Tennis stadium in Rome, Italy

The Stadio Nicola Pietrangeli, formerly known as the Stadio della Pallacorda, is an outdoor tennis stadium within the Foro Italico sports complex in Rome, Italy. Opened in 1934, it was the principal court of the Italian Open until the construction of a larger central stadium during the 1990s. The stadium has a clay playing surface and permanent seating for 3,720 spectators.

The court is surrounded by 18 statues of athletes made from Carrara marble. In 2006, it was renamed in honour of Italian tennis player Nicola Pietrangeli.

== History ==

=== Construction and opening ===

The stadium formed part of the original development of the Foro Italico, then known as the Foro Mussolini. It was included in the master plan prepared by architect Enrico Del Debbio and was designed by Costantino Costantini.

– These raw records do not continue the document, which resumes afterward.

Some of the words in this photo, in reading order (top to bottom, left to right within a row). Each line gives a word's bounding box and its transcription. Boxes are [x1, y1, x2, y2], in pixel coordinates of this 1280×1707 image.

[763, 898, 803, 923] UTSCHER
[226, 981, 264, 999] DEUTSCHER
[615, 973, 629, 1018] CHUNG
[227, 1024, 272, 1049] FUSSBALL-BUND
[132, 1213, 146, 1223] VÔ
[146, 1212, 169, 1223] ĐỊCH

Construction took place between 1931 and 1933.

The stadium was constructed as a sunken amphitheatre. The upper edge of its stands was placed approximately at the level of the surrounding pedestrian areas, with the marble seating descending towards the central clay court. The stands were made using Carrara marble, while 18 marble statues depicting athletes were installed around the stadium.

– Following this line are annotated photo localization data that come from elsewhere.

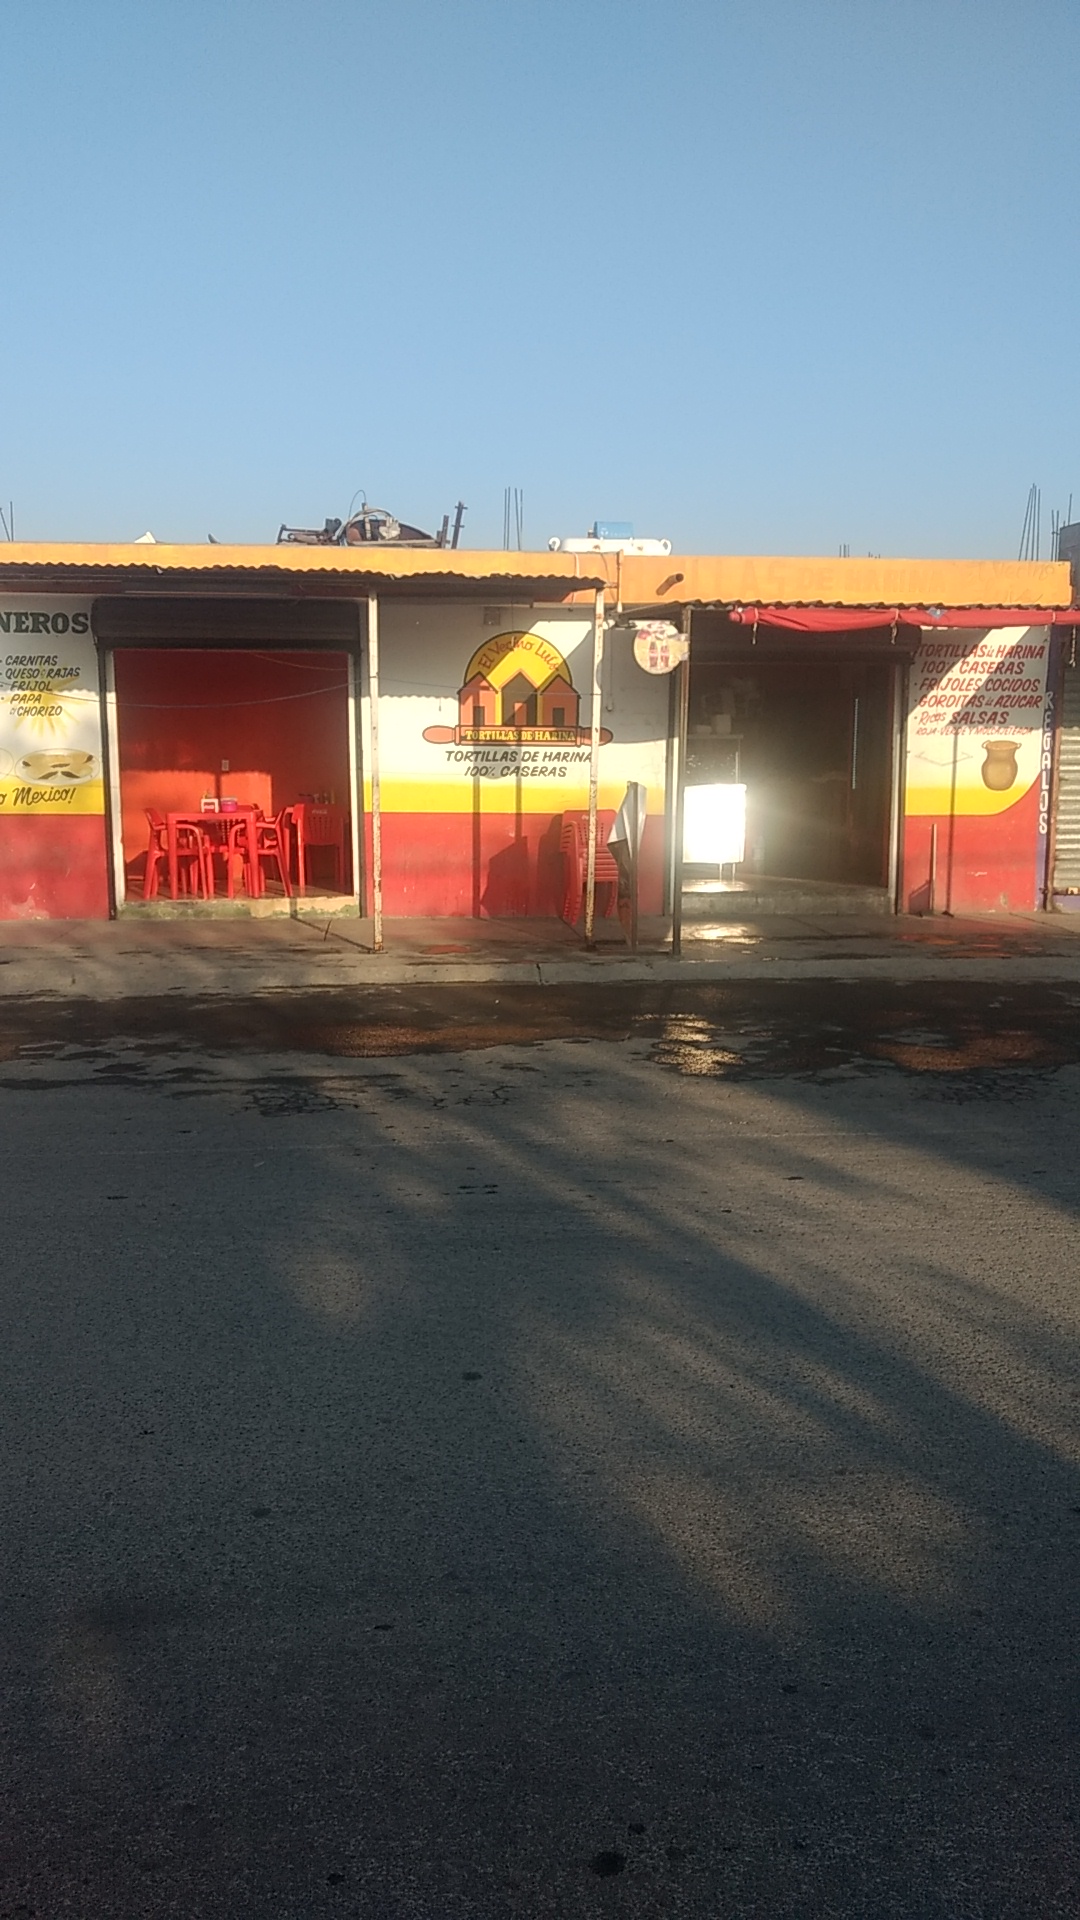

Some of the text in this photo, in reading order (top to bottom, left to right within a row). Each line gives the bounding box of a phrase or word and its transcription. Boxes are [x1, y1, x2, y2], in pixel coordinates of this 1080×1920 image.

[918, 644, 988, 659] TORTILLAS
[995, 644, 1046, 659] HARINA
[5, 655, 59, 667] CARNITAS
[478, 653, 494, 669] El
[960, 661, 1026, 675] CASERAS
[5, 668, 40, 680] QUESO
[10, 680, 53, 692] FRIJOL
[919, 677, 1041, 692] FRIJOLES COCIDOS
[10, 693, 43, 704] PAPA
[919, 694, 986, 709] GORDITAS
[994, 695, 1043, 709] AZUCAR
[950, 711, 1010, 725] SALSAS
[465, 730, 576, 741] TORTILLAS DE HARINA
[445, 751, 518, 763] TORTILLAS
[520, 752, 540, 763] DE
[1039, 691, 1054, 834] REGALOS
[464, 766, 567, 778] 100% CASERAS
[12, 786, 77, 806] Mexico!

The venue was initially called the Olimpico della Racchetta and was subsequently known as the Stadio della Pallacorda. It was inaugurated in 1934 with a Davis Cup tie between Italy and Switzerland.

=== Italian Open and Davis Cup ===

In 1935, the Italian International Championships, now known as the Italian Open, moved from Milan to the Foro Italico. The Pallacorda became the tournament's principal stadium.

Following a suspension during the late 1930s and the Second World War, the Italian Open returned in 1950. The stadium remained the main court of the tournament for most editions until the 1990s.

The stadium also regularly hosted home ties involving the Italy Davis Cup team. After the inaugural Italy–Switzerland tie in 1934, Davis Cup tennis returned to the venue in July 1949, when Italy defeated Denmark. It subsequently hosted numerous Italian Davis Cup ties, with the last staged at the stadium in 2005.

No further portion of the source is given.